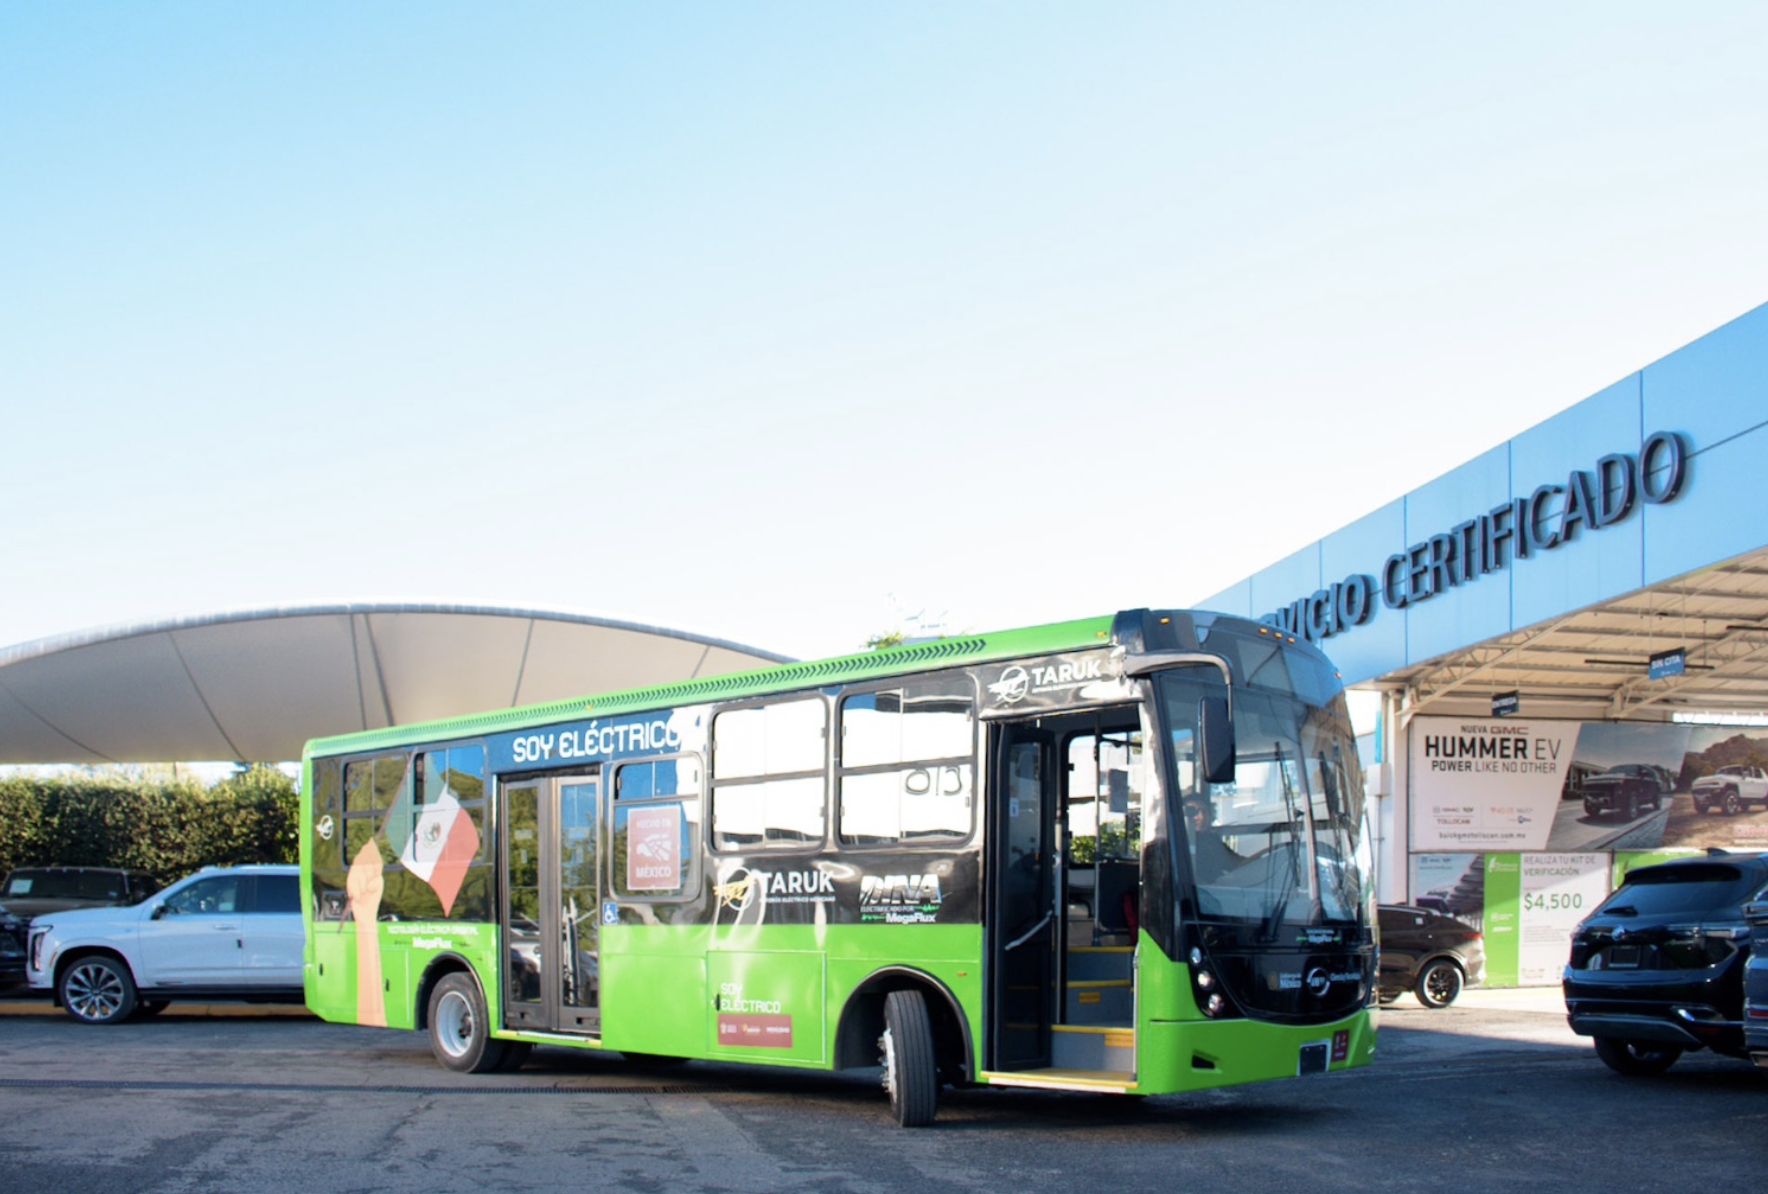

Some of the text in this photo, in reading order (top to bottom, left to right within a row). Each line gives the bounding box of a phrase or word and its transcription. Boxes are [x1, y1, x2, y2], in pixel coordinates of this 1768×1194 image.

[1382, 431, 1686, 609] CERTIFICADO
[1031, 659, 1102, 686] TARUK
[1460, 726, 1529, 735] NUEVA GMC
[513, 733, 554, 762] SOY
[1425, 735, 1561, 760] HUMMER EV
[1431, 760, 1557, 774] POWER LIKE NO OTHER
[1524, 855, 1558, 865] REALIZA
[1559, 855, 1569, 865] TU
[1570, 855, 1584, 864] KIT
[758, 871, 835, 894] TARUK
[1523, 892, 1583, 911] $4,500
[886, 912, 937, 924] MegaFlux
[721, 983, 742, 996] SOY
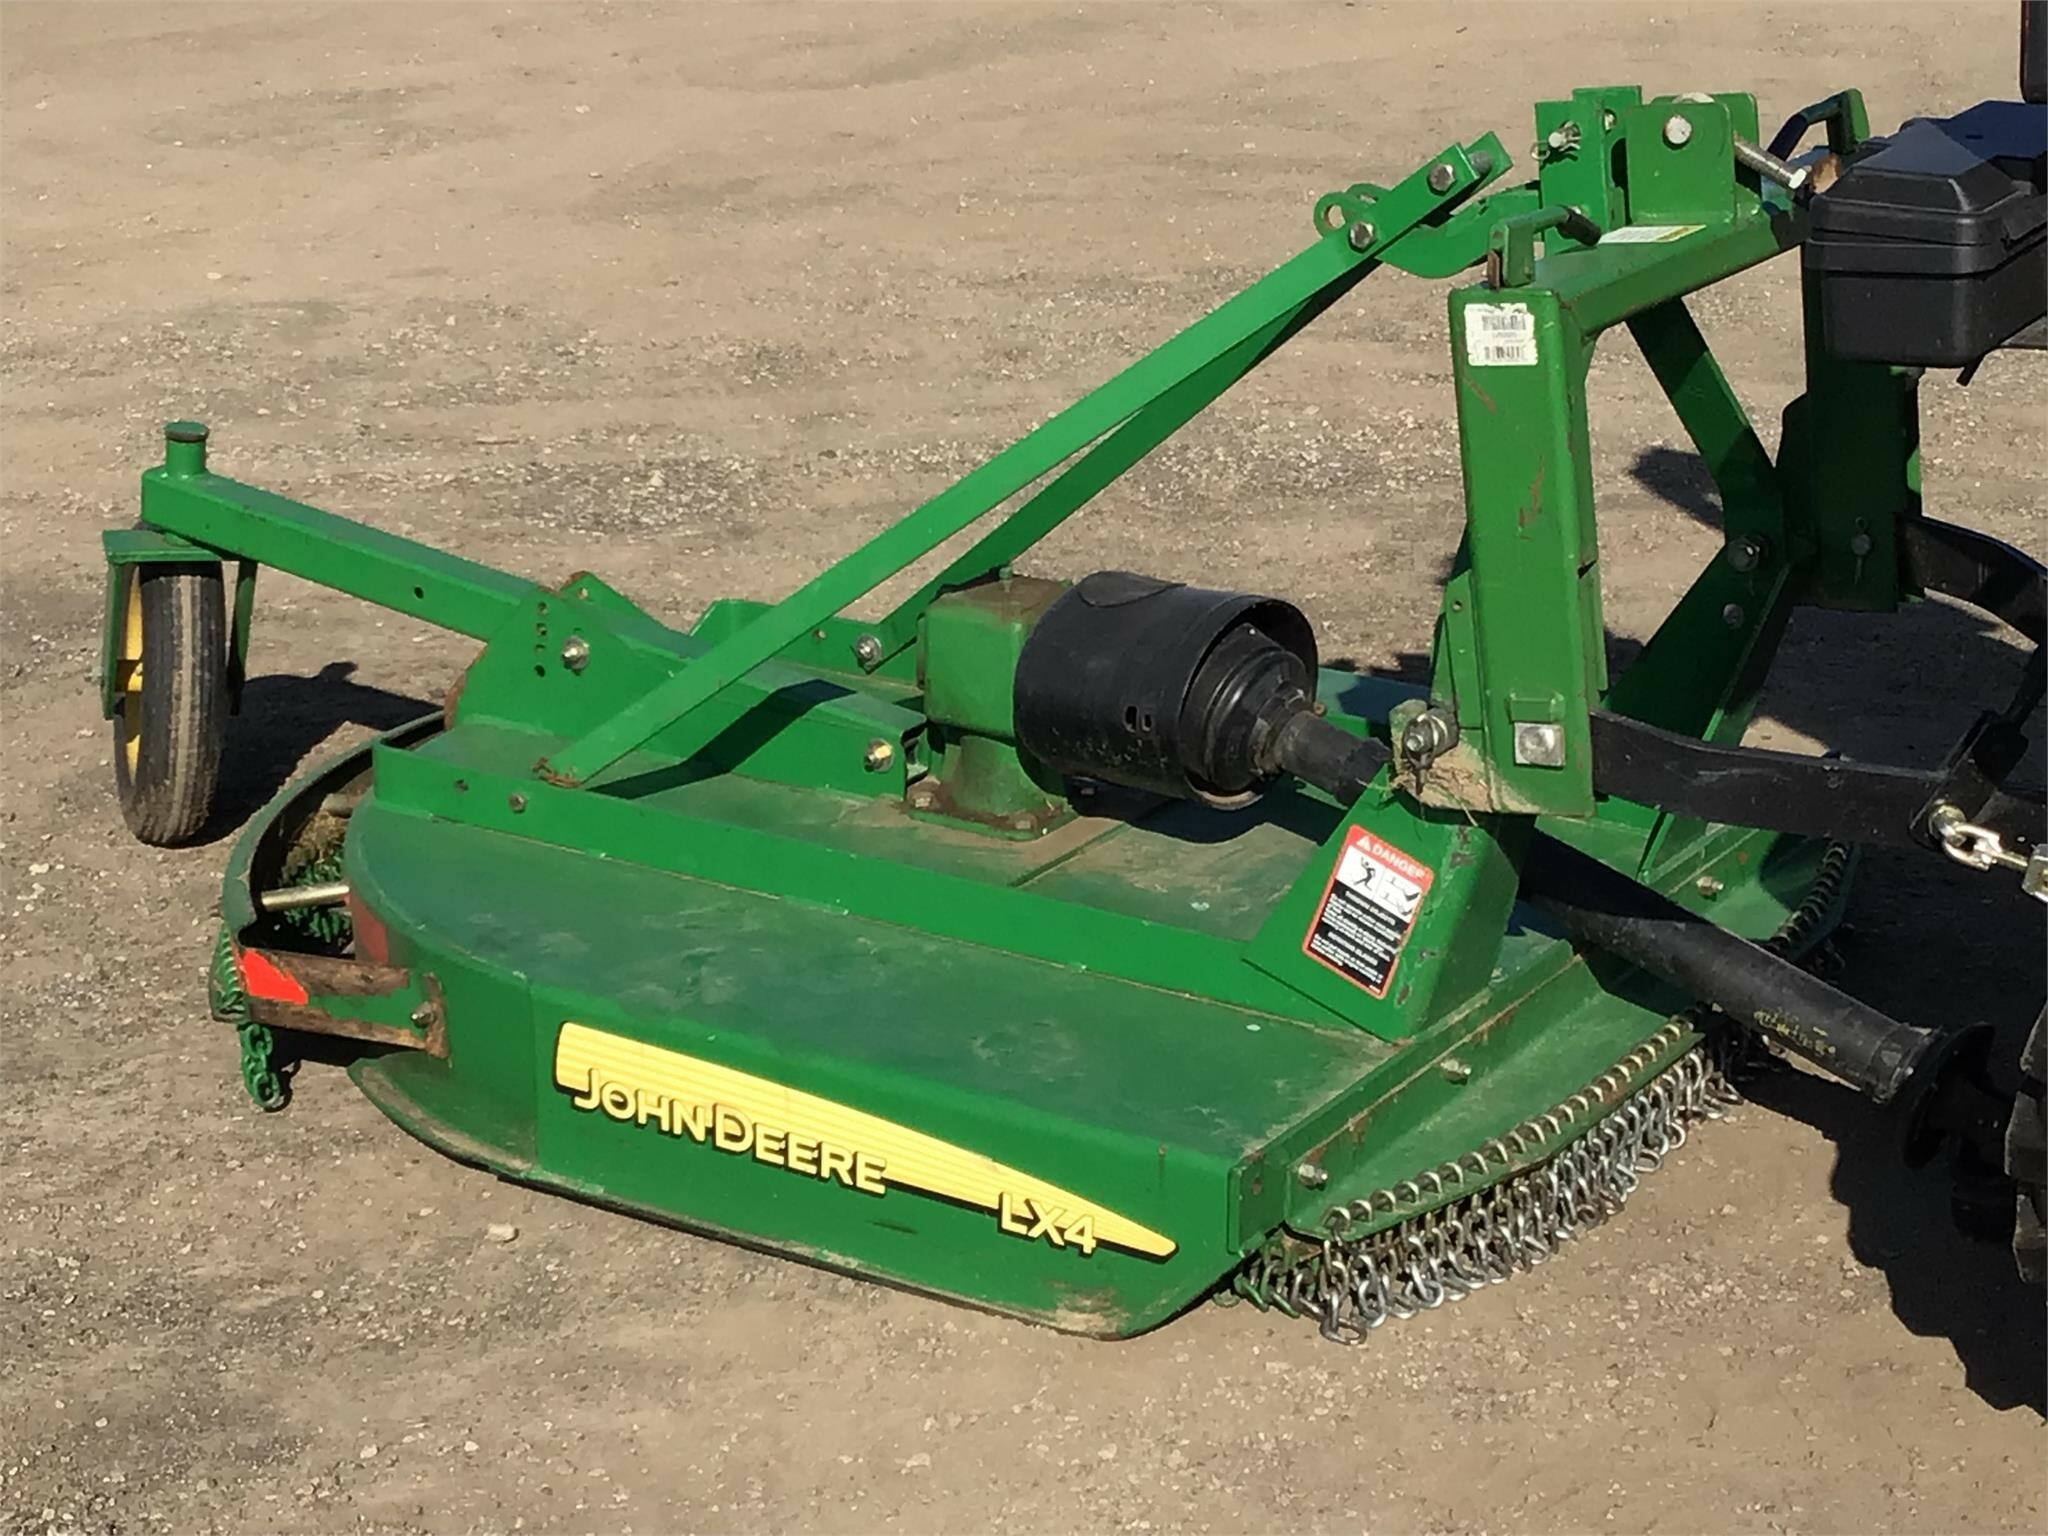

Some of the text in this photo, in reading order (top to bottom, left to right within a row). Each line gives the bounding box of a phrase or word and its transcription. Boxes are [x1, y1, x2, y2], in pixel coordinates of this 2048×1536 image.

[1372, 845, 1425, 880] DANGER
[574, 1068, 1098, 1254] JOHN DEERE LX4

WHAT YOU ARE ASKED TO DO: If pictures appear in the data, omit them and copy all other parts exactly.

ANSWER TO THIS EXERCISE:
Some of the text in this photo, in reading order (top to bottom, left to right within a row). Each line gives the bounding box of a phrase or word and its transcription. Boxes are [x1, y1, x2, y2], in pixel coordinates of this 1768×1194 image.

[1382, 431, 1686, 609] CERTIFICADO
[1031, 659, 1102, 686] TARUK
[1460, 726, 1529, 735] NUEVA GMC
[513, 733, 554, 762] SOY
[1425, 735, 1561, 760] HUMMER EV
[1431, 760, 1557, 774] POWER LIKE NO OTHER
[1524, 855, 1558, 865] REALIZA
[1559, 855, 1569, 865] TU
[1570, 855, 1584, 864] KIT
[758, 871, 835, 894] TARUK
[1523, 892, 1583, 911] $4,500
[886, 912, 937, 924] MegaFlux
[721, 983, 742, 996] SOY

Some of the text in this photo, in reading order (top to bottom, left to right within a row). Each line gives the bounding box of a phrase or word and its transcription. Boxes are [x1, y1, x2, y2], in pixel coordinates of this 2048×1536 image.

[1372, 845, 1425, 880] DANGER
[574, 1068, 1098, 1254] JOHN DEERE LX4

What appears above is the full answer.